Entre la herencia de la colonia, las rutas del narcotráfico y el olvido sistemático del Estado, Buenaventura —el puerto más importante de Colombia— se debate todos los días entre la esperanza y el horror. Es un lugar donde la desaparición forzada se volvió rutina, donde los jóvenes son los primeros en caer, y donde hablar de paz suena casi a provocación. Pero también es una ciudad que insiste, que educa, que transforma, aunque todo esté en contra.

El 10 de abril llegamos como periodistas. Queríamos entender qué significa sobrevivir en un territorio donde más del 60% del comercio marítimo del país se mueve, pero donde las riquezas no se quedan. Caminamos por barrios marcados por la guerra urbana, escuchamos voces que no suelen tener micrófono, y fuimos testigos de cómo la educación —a pesar de todo— sigue siendo una apuesta por la vida.

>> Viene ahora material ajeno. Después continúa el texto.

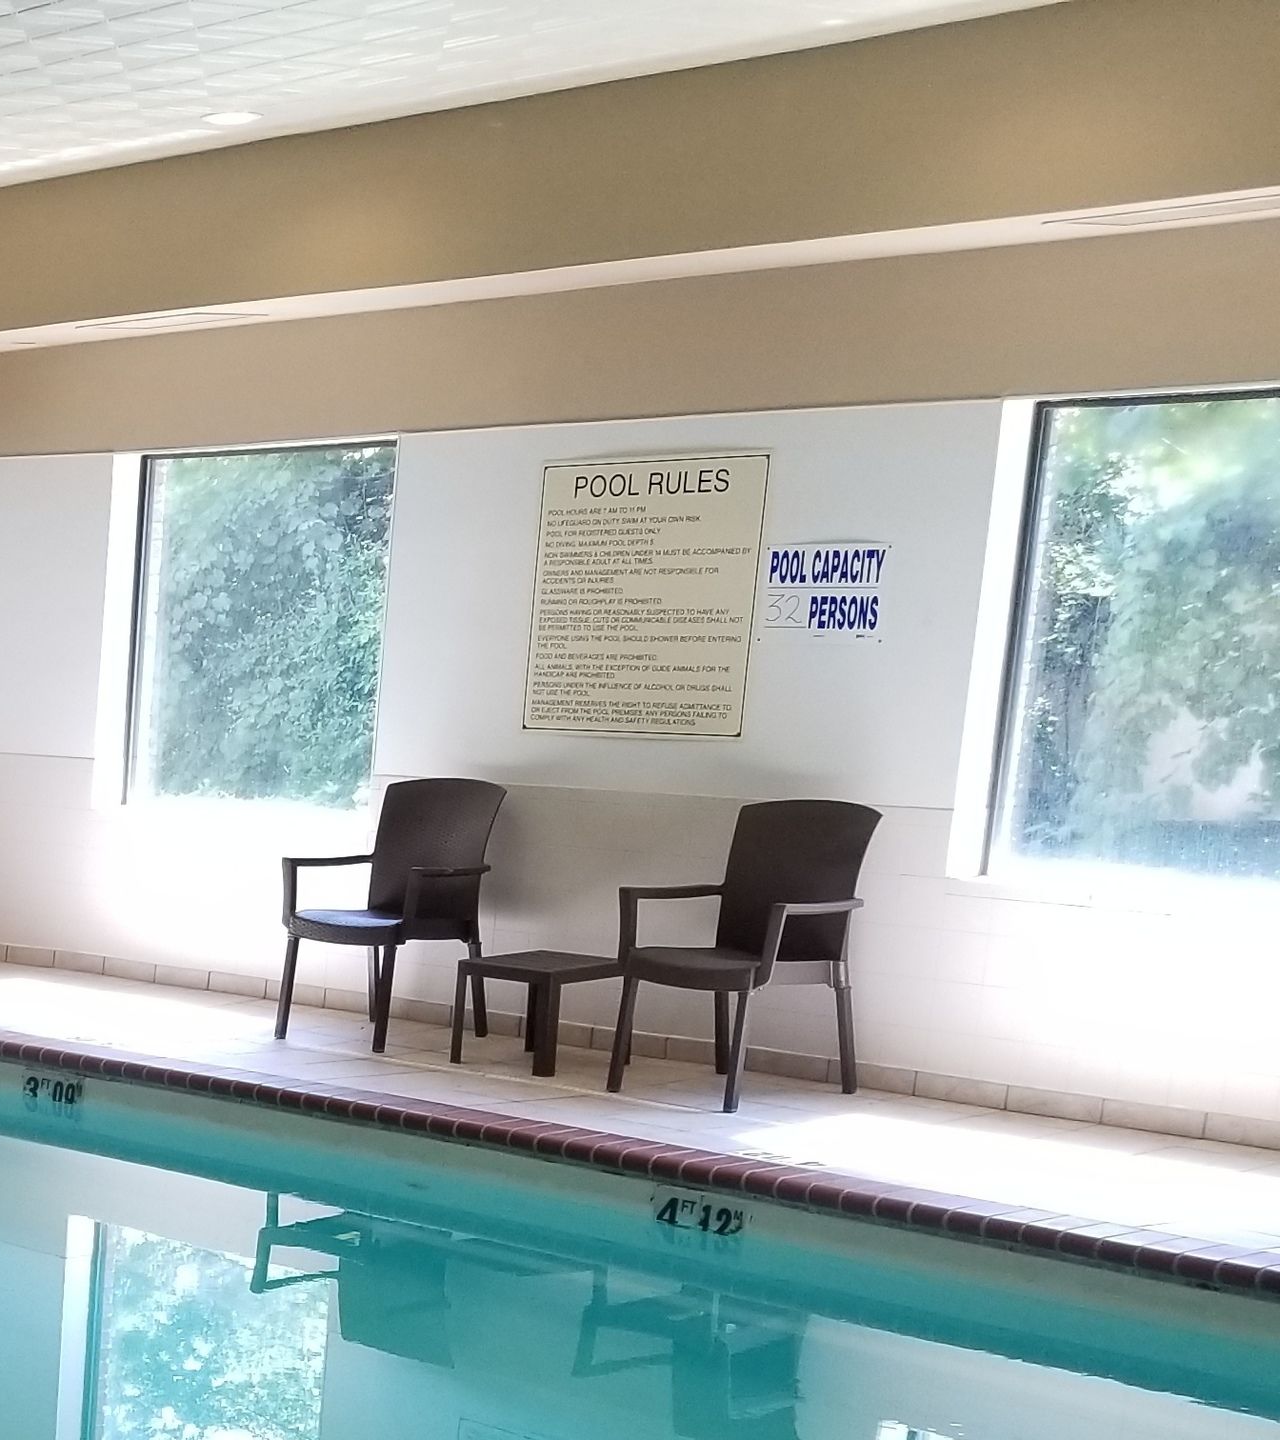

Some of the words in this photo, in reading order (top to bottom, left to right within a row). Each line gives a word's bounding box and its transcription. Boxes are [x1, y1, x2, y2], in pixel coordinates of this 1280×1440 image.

[575, 474, 639, 498] POOL
[648, 469, 730, 494] RULES
[769, 550, 806, 583] POOL
[812, 549, 886, 583] CAPACITY
[766, 594, 802, 623] 32
[808, 596, 878, 630] PERSONS
[24, 1077, 38, 1098] 3
[41, 1079, 51, 1089] FT
[656, 1198, 678, 1224] 4
[681, 1200, 697, 1215] FT

Buenaventura duele, sí. Duele porque es la prueba viviente de lo que ocurre cuando un país permite que el dinero ilegal escriba su historia. Pero también conmueve: porque en medio de tanto abandono, la gente sigue construyendo vida.

Ese día, un grupo de jóvenes celebraba su graduación en una fundación comunitaria. Muchos de ellos son víctimas del conflicto armado. Otros crecieron entre fronteras invisibles y ráfagas de fusil. Pero todos decidieron aprender, crear y resistir. Entre talleres de memoria, arte urbano y liderazgo, están levantando un nuevo relato, uno que no niega el dolor, pero que no se deja definir por él.

Y sin embargo, hay quienes insisten. Organizan, siembran, enseñan. No porque crean que van a ganar, sino porque rendirse sería traicionar a los que ya no están.

Bolivia Aramburo y Regina Valencia conocen ese dolor en carne viva. Son dos de las madres de los Doce de Punta del Este, doce jóvenes asesinados en una de las masacres más oscuras de Buenaventura. No había razones. Solo terror. Desde entonces, ellas no han dejado de buscar justicia, de contar la historia, de sostener la memoria cuando el resto del país parecía más cómodo olvidando. Sus voces, quebradas pero firmes, son prueba de que el duelo puede convertirse en resistencia.

Porque en Buenaventura, el mar no es solo mar. Es fosa, es frontera, es negocio. Y mientras el puerto sigue moviendo millones, hay barrios enteros que sobreviven sin agua, sin luz, sin tregua.

Aquí no se sueña con el futuro. Aquí se sobrevive al presente. Y eso también es un crimen.